:: Dataset excerpts ::
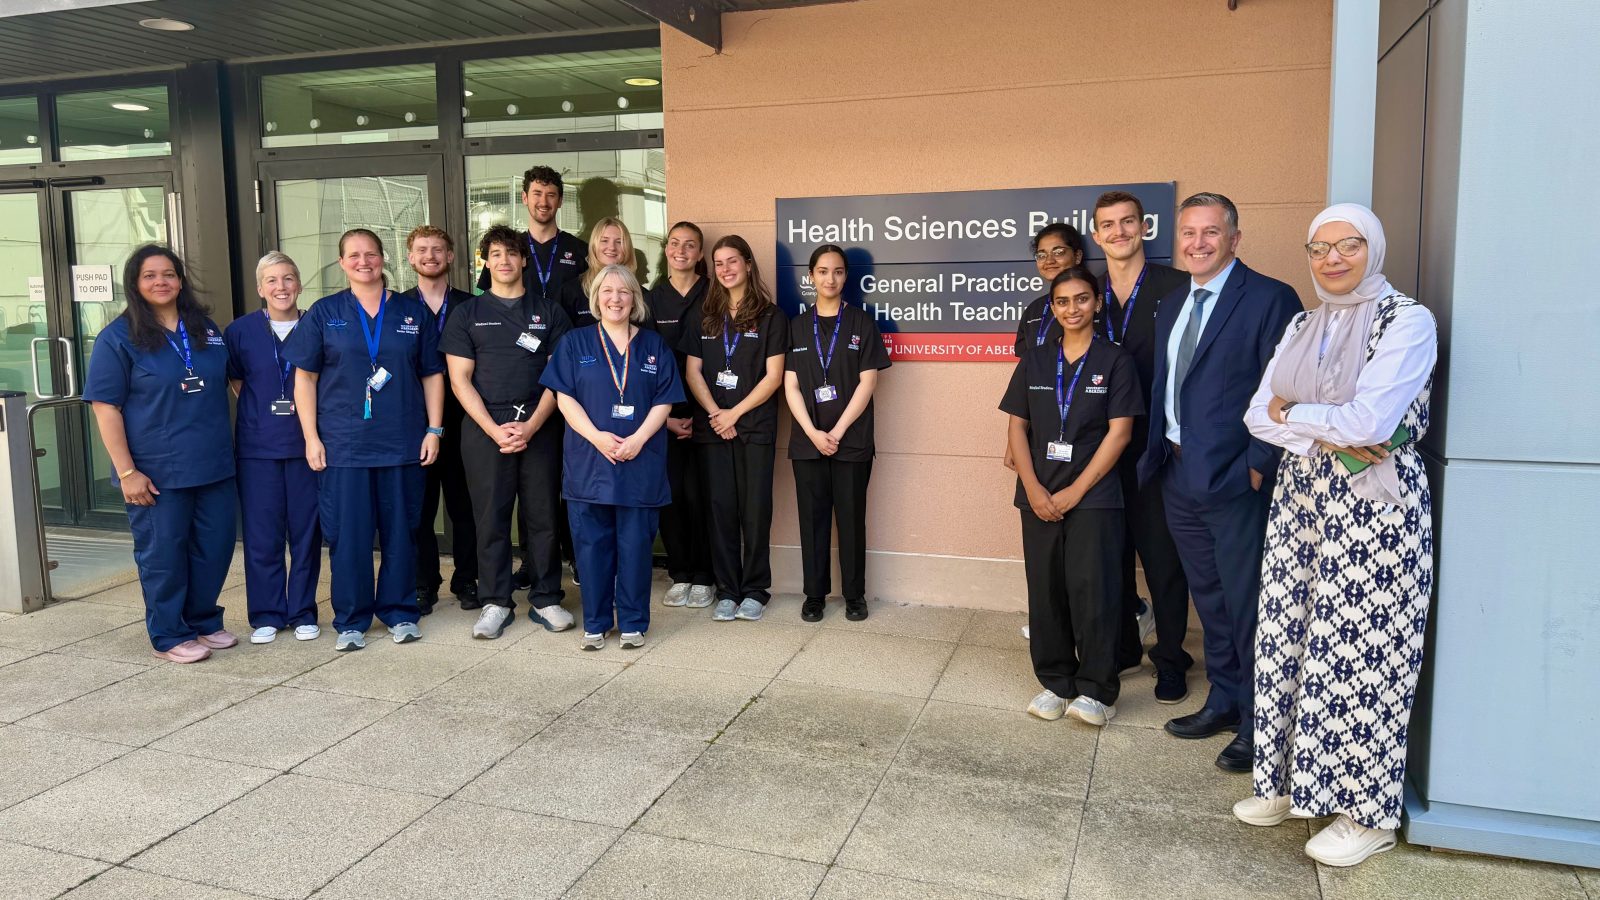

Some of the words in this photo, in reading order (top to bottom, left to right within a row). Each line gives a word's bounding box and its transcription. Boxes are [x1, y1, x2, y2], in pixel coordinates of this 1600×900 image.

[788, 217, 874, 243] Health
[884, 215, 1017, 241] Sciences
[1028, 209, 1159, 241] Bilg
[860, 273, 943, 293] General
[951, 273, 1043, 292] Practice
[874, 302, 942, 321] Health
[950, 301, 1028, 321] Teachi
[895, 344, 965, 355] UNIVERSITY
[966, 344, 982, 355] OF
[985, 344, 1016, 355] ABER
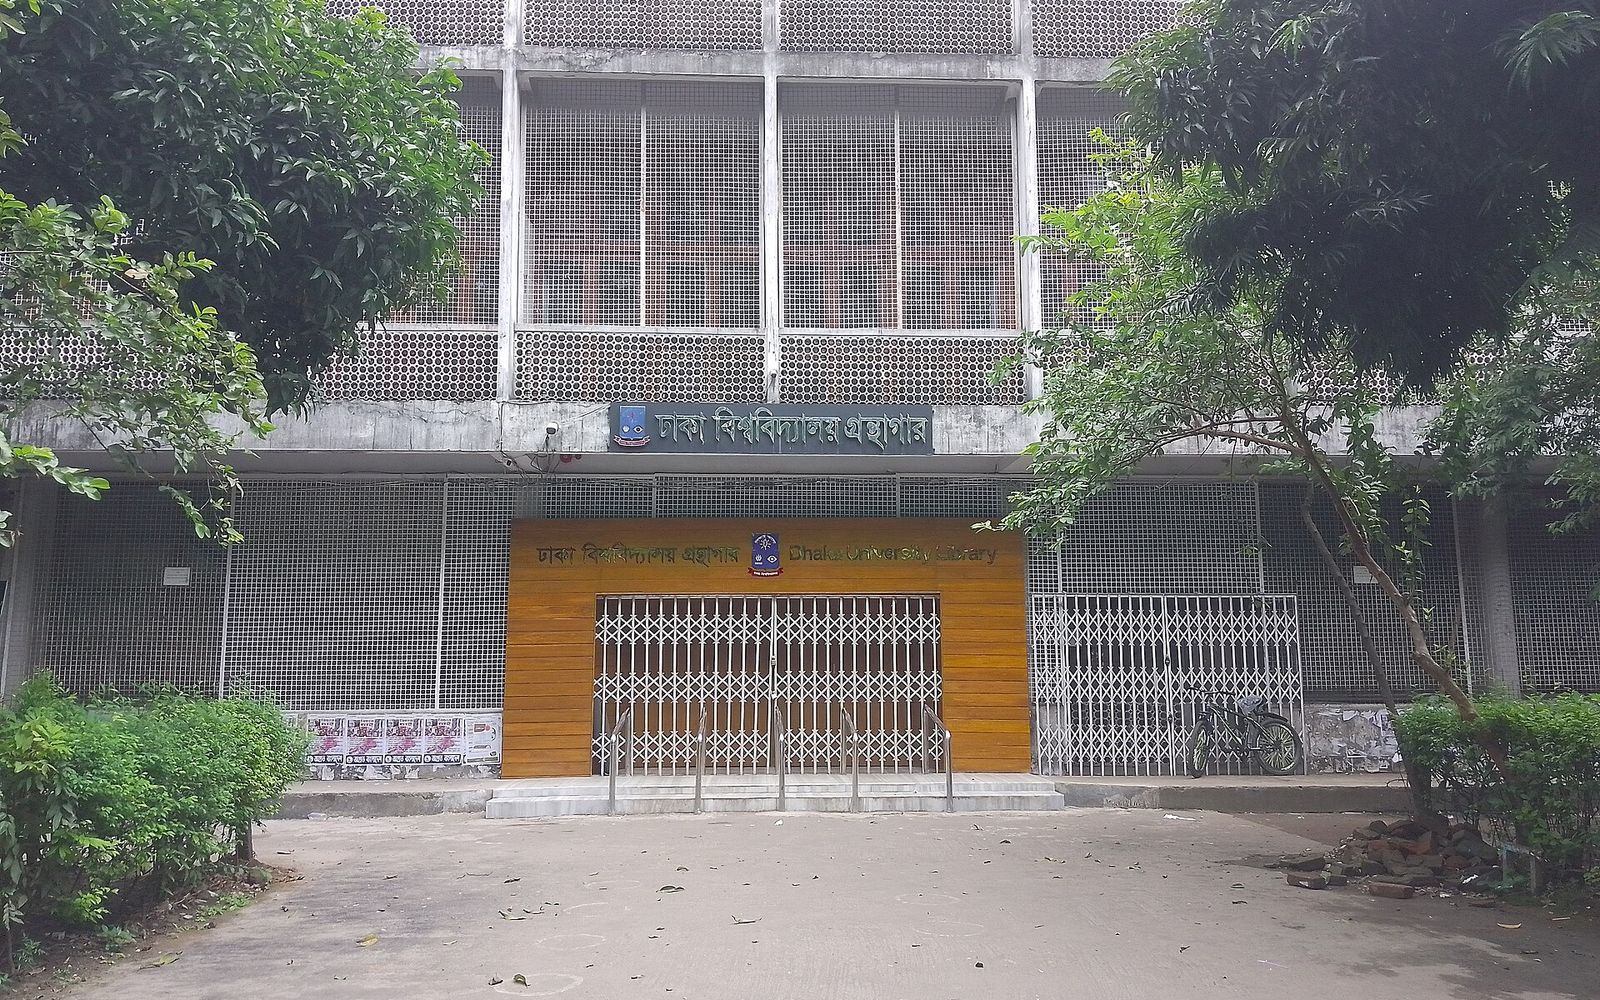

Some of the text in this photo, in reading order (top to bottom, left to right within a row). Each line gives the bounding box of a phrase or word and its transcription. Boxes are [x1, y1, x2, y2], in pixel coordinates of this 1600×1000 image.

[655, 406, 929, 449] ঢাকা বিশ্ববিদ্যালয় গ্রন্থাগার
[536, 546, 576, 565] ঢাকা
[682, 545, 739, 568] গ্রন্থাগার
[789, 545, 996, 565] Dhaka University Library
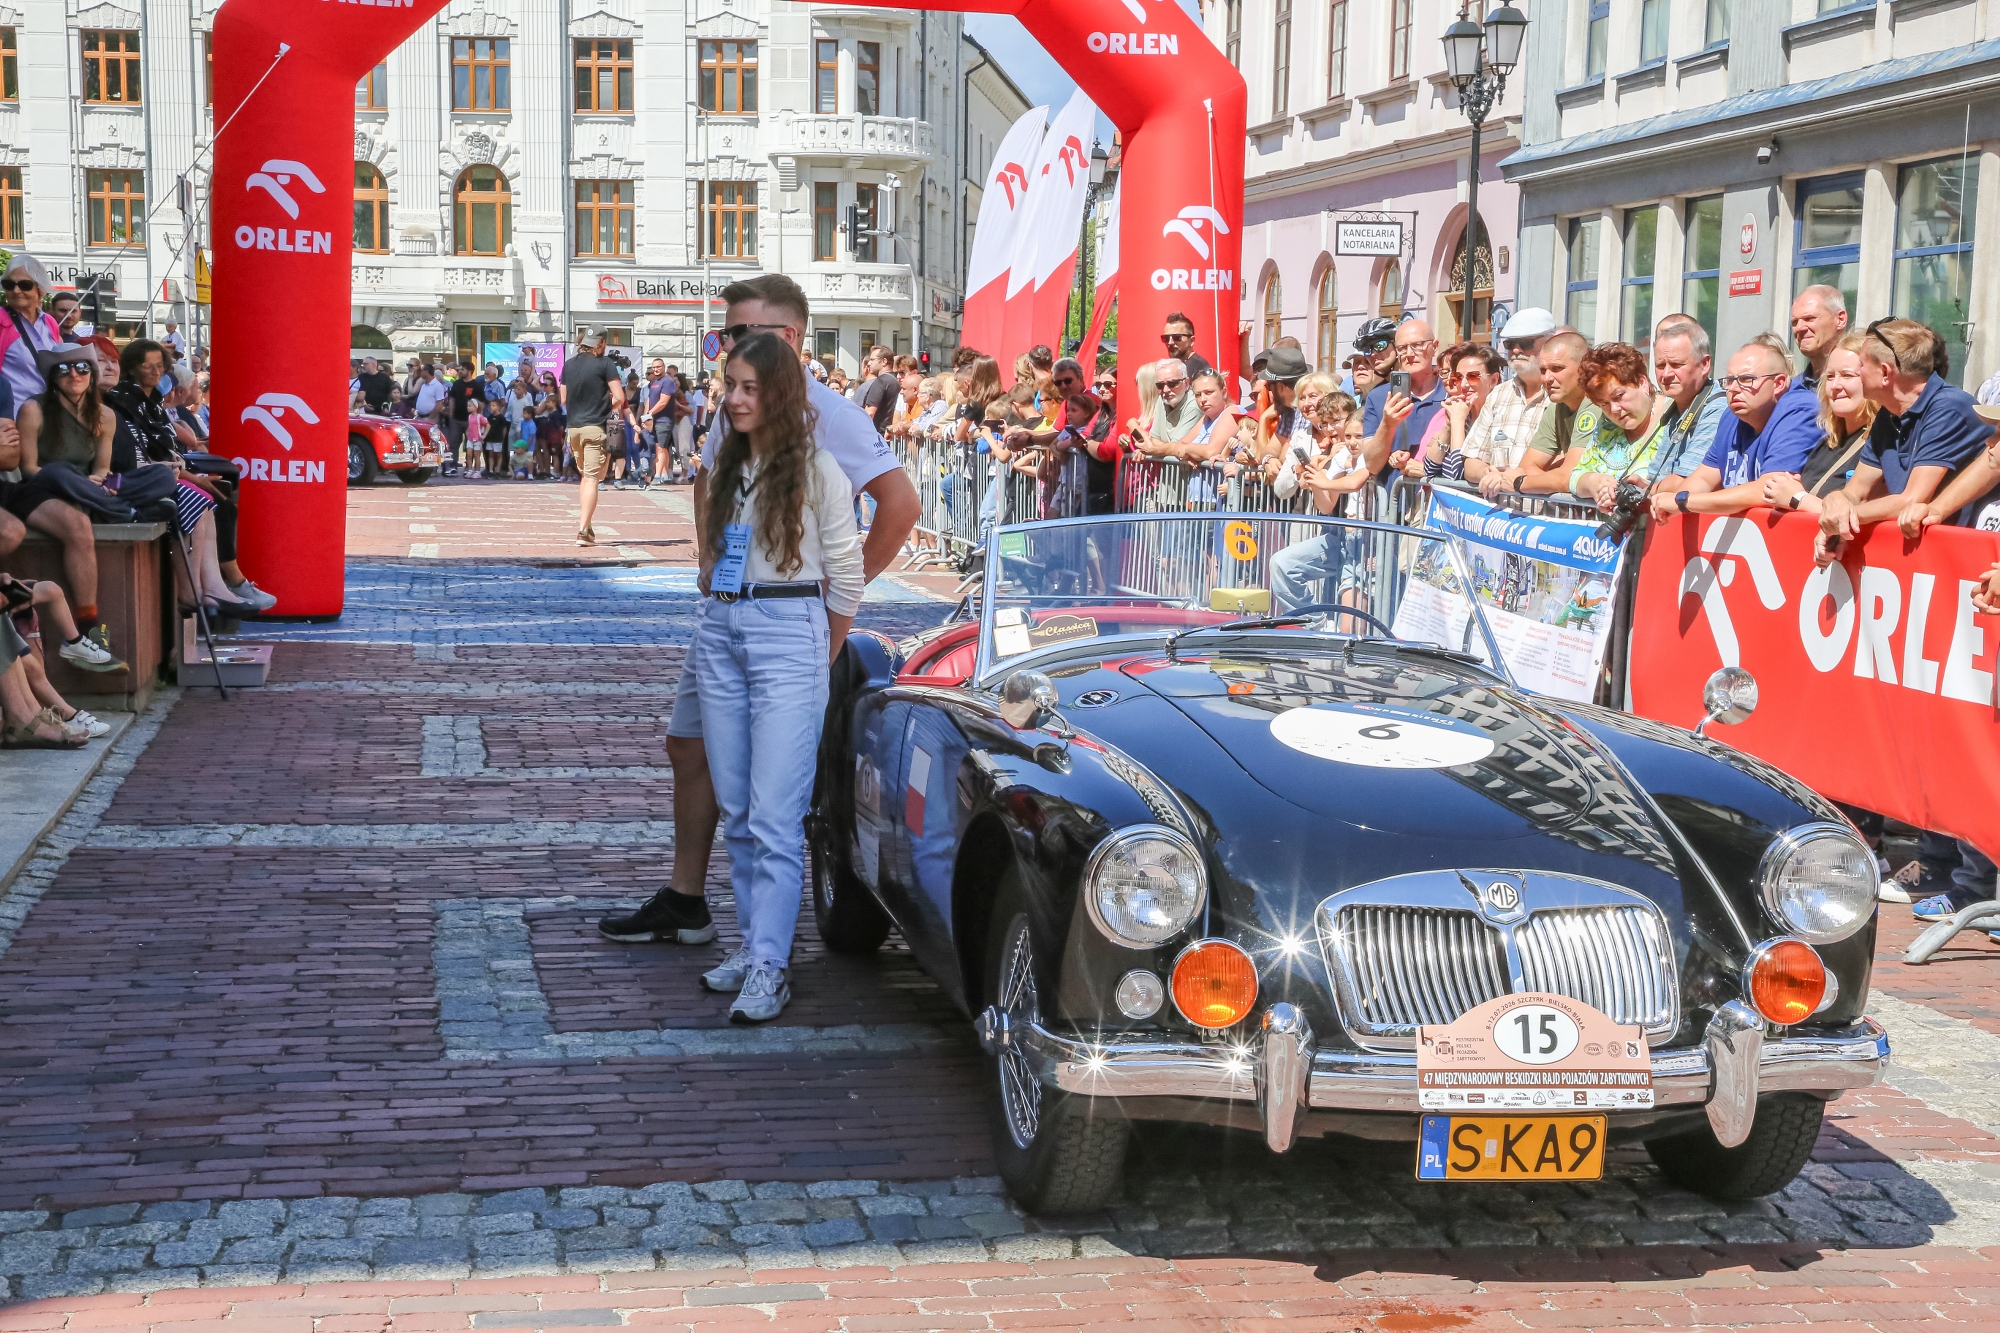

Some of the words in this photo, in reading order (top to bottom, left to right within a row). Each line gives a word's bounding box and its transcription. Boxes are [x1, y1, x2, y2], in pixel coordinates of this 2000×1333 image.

:: About this task ::
Transcribe the listing exactly; skip the pictures.

:: Result ::
Some of the words in this photo, in reading order (top to bottom, left to right within a row). Each line gives a word's bounding box and its transcription. Boxes are [x1, y1, x2, y2], in pixel coordinates of this 1600×900 image.

[788, 217, 874, 243] Health
[884, 215, 1017, 241] Sciences
[1028, 209, 1159, 241] Bilg
[860, 273, 943, 293] General
[951, 273, 1043, 292] Practice
[874, 302, 942, 321] Health
[950, 301, 1028, 321] Teachi
[895, 344, 965, 355] UNIVERSITY
[966, 344, 982, 355] OF
[985, 344, 1016, 355] ABER

Some of the text in this photo, in reading order (top to bottom, left to right within a row). Each line gives the bounding box of a phrase or word and its transcription. Boxes are [x1, y1, x2, y2], in pixel coordinates of this 1600×1000 image.

[655, 406, 929, 449] ঢাকা বিশ্ববিদ্যালয় গ্রন্থাগার
[536, 546, 576, 565] ঢাকা
[682, 545, 739, 568] গ্রন্থাগার
[789, 545, 996, 565] Dhaka University Library

Some of the words in this photo, in reading order (top to bottom, left to right within a row). Each line gives a word's bounding box and its transcription. Boxes are [x1, y1, x2, y2], in pixel coordinates of this 2000×1333 image.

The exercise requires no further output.